The district (trial-level) court granted summary judgment in favor of BCI, but the U.S. Court of Appeals for the Tenth Circuit reversed, finding that Grado's alleged remarks and behavior suggested that there might be a pattern of racial bias that could carry over into disciplinary matters. To see a copy of the Tenth Circuit decision, click here. The appeals court said that a plaintiff needs only to establish that the biased supervisor’s reports caused the adverse action. The employer can break that causal connection by conducting its own independent investigation of the supervisor’s allegations. The appeals court found that Edgar “failed to take even the basic step” of asking Peters for his side of the story. As Edgar did not conduct her own independent investigation, she could depend only on Grado’s report and her subordinate’s review of Peters’ personnel file. Therefore, Grado’s report caused Peters’ termination.

Practical Advice:

If the Supreme Court agrees with the Court of Appeals, employers can be held liable for relying on the information or advice of a biased supervisor. This can present difficulty for all employers, but especially for those in the retail industry, who often have multiple small locations with no on-site human resources manager. In any event, the case highlights the fact that employers should engage in at least some independent verification of the supervisor’s report or recommendations. Simply reviewing an employee's personnel file may not be enough. At the very least, the accused employee should have an opportunity to present his or her side of the story to the decisionmaker. If possible, it is advisable to conduct a fuller independent review of the facts or provide an internal appeals process in which the employee will get his or her “day in court” – before going to court.

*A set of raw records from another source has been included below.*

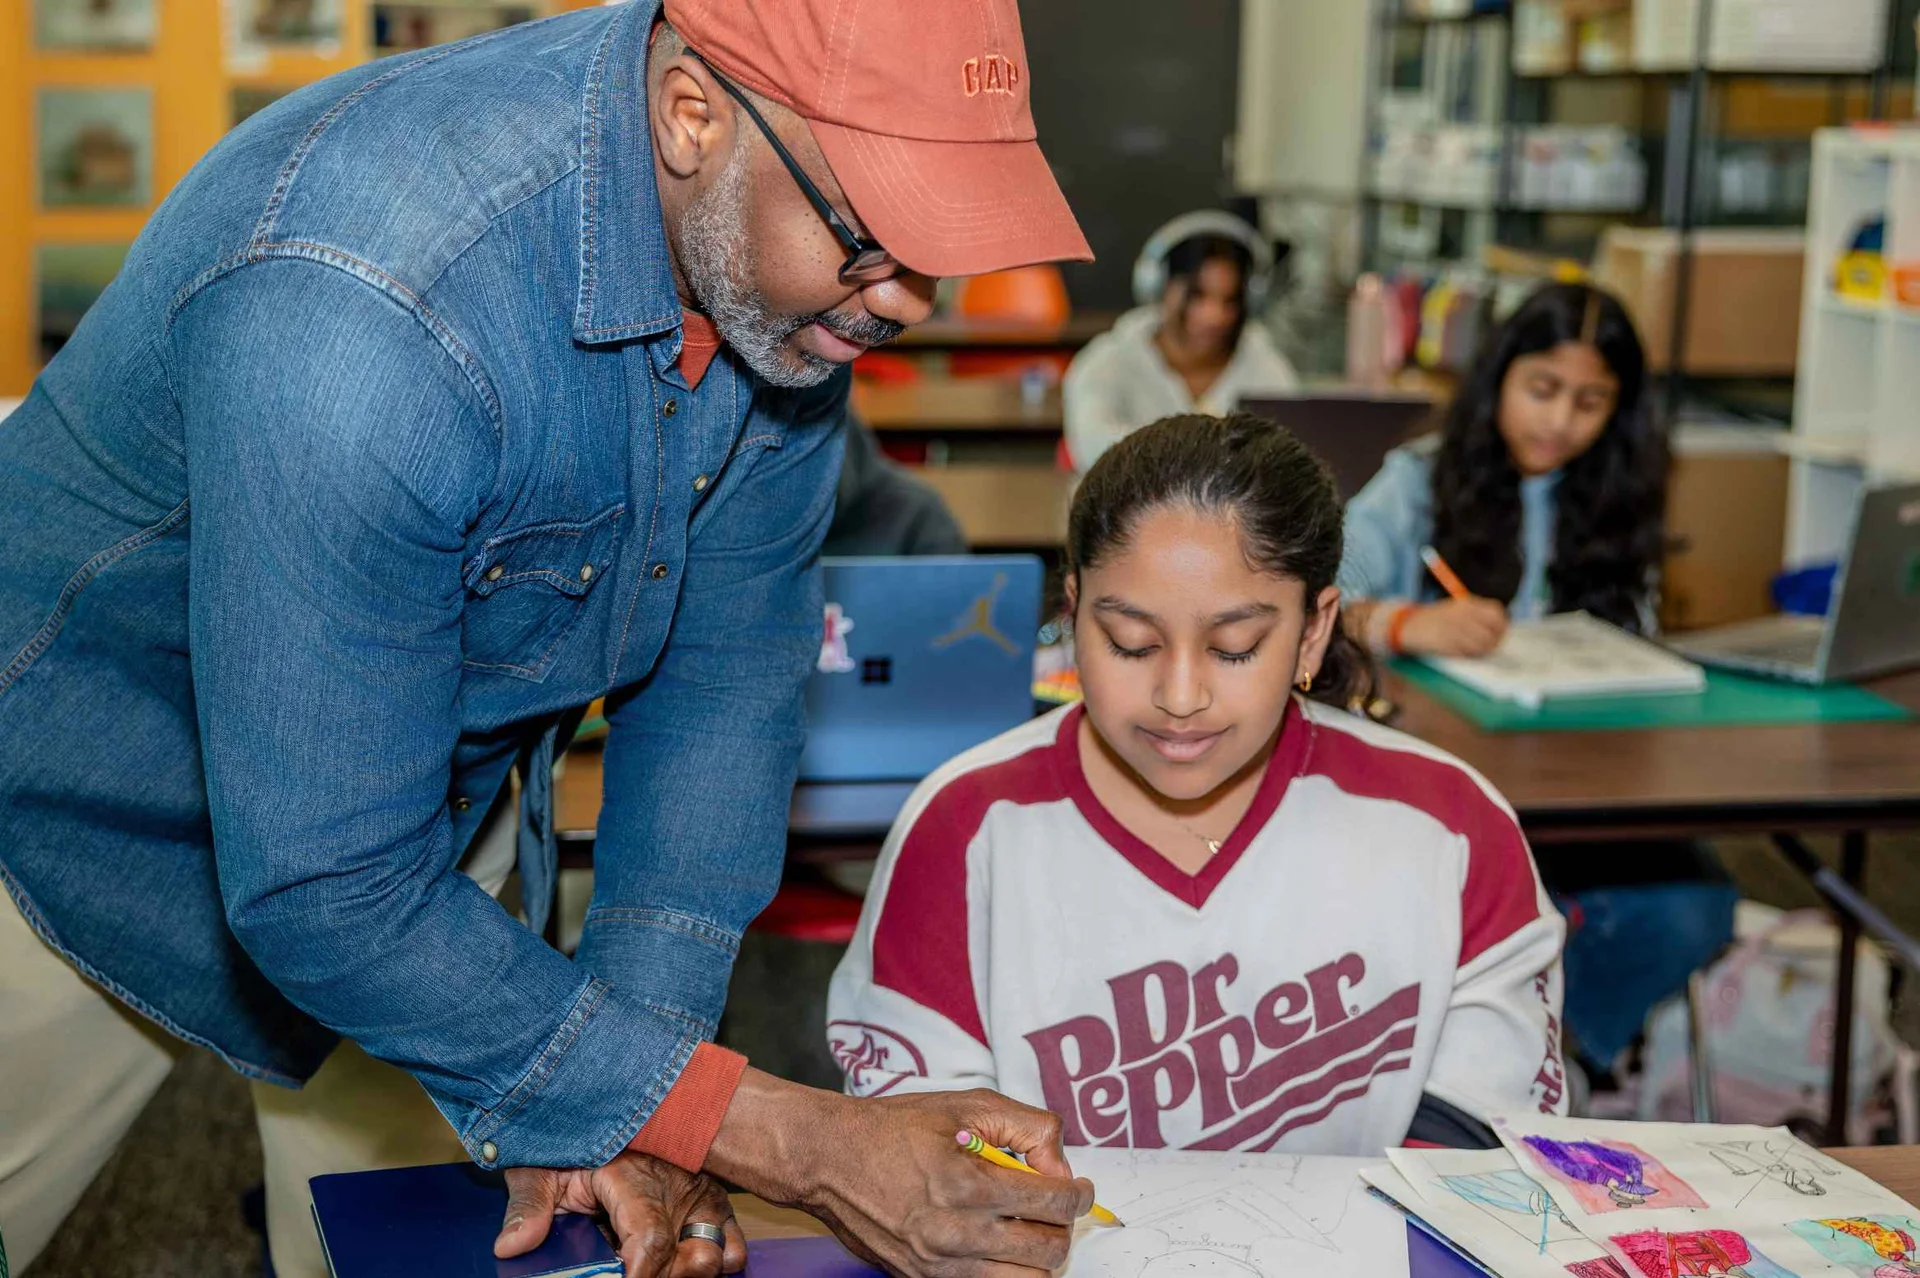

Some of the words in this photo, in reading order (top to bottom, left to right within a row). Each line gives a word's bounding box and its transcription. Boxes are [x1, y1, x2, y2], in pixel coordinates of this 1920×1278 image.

[962, 54, 1018, 97] GAP
[1022, 952, 1366, 1149] Pepper
[1106, 952, 1239, 1066] Dr
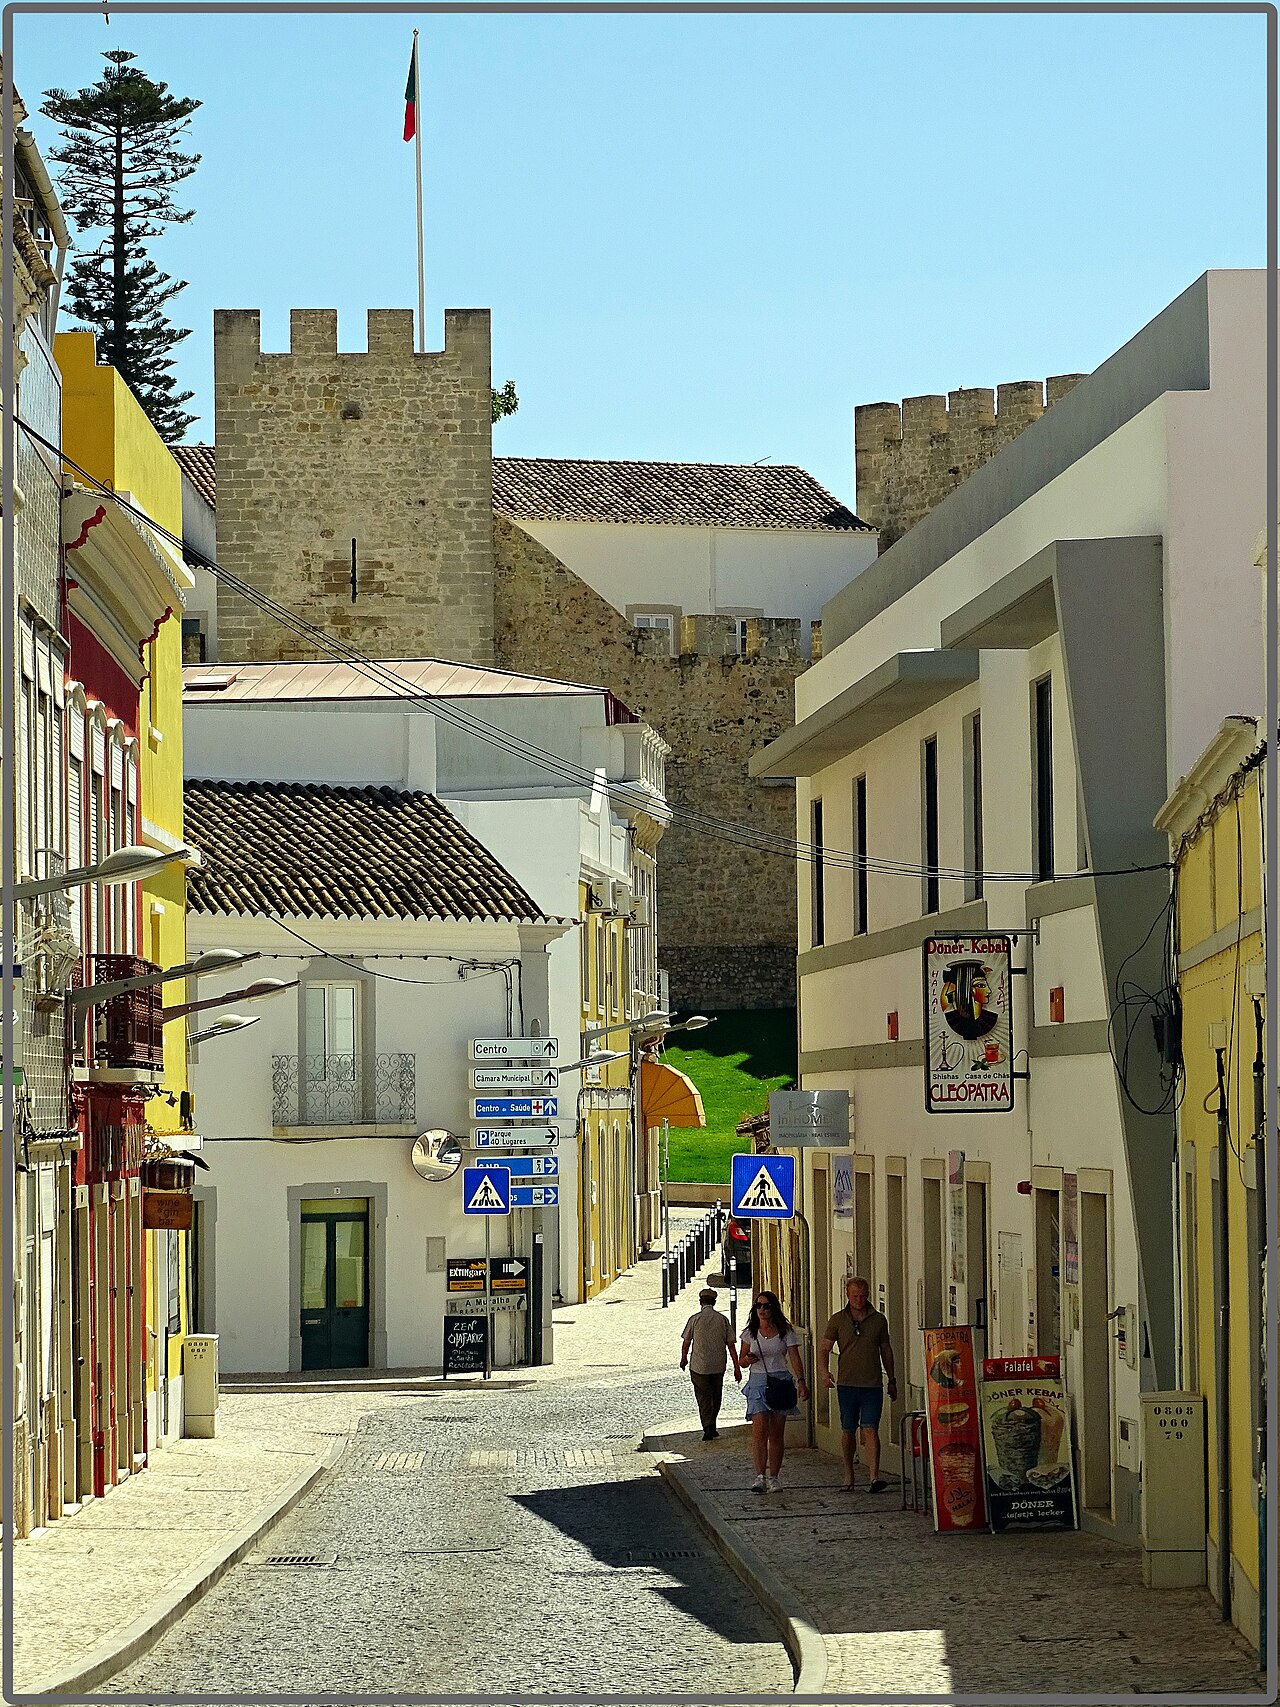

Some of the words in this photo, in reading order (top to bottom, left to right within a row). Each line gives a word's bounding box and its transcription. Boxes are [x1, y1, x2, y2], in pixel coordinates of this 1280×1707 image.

[475, 1044, 508, 1054] Centro
[476, 1074, 500, 1082] Câmara
[501, 1074, 531, 1083] Municipal
[930, 1080, 1010, 1102] CLEÓPATRA
[476, 1104, 500, 1112] Centro
[510, 1103, 531, 1112] Saúde
[479, 1131, 488, 1145] P
[490, 1130, 512, 1138] Parque
[490, 1138, 500, 1146] 40
[502, 1138, 527, 1147] Lugares
[156, 1199, 180, 1207] wine
[164, 1208, 179, 1219] gin
[159, 1216, 175, 1226] bar
[449, 1267, 491, 1278] EXTINgarv
[465, 1299, 472, 1307] A
[475, 1296, 510, 1306] Mualha
[453, 1320, 478, 1331] ZEN
[1004, 1360, 1034, 1373] Falafel
[1153, 1406, 1194, 1415] 0808
[1159, 1418, 1189, 1428] 060
[1164, 1431, 1184, 1440] 79
[1011, 1499, 1055, 1510] DÖNER

*** Note to Retailers in California ***

Constangy has lawyers with offices in Los Angeles and Ventura counties that can provide workplace legal services throughout all of California, including Orange, Riverside, and San Bernardino counties. Phone toll-free, 866.843.9555, for assistance.

For More Information:

If you would like further information, please contact Toby Dykes at 205.226.5469, Tamula Yelling at 205.226.5471, or your Constangy attorney.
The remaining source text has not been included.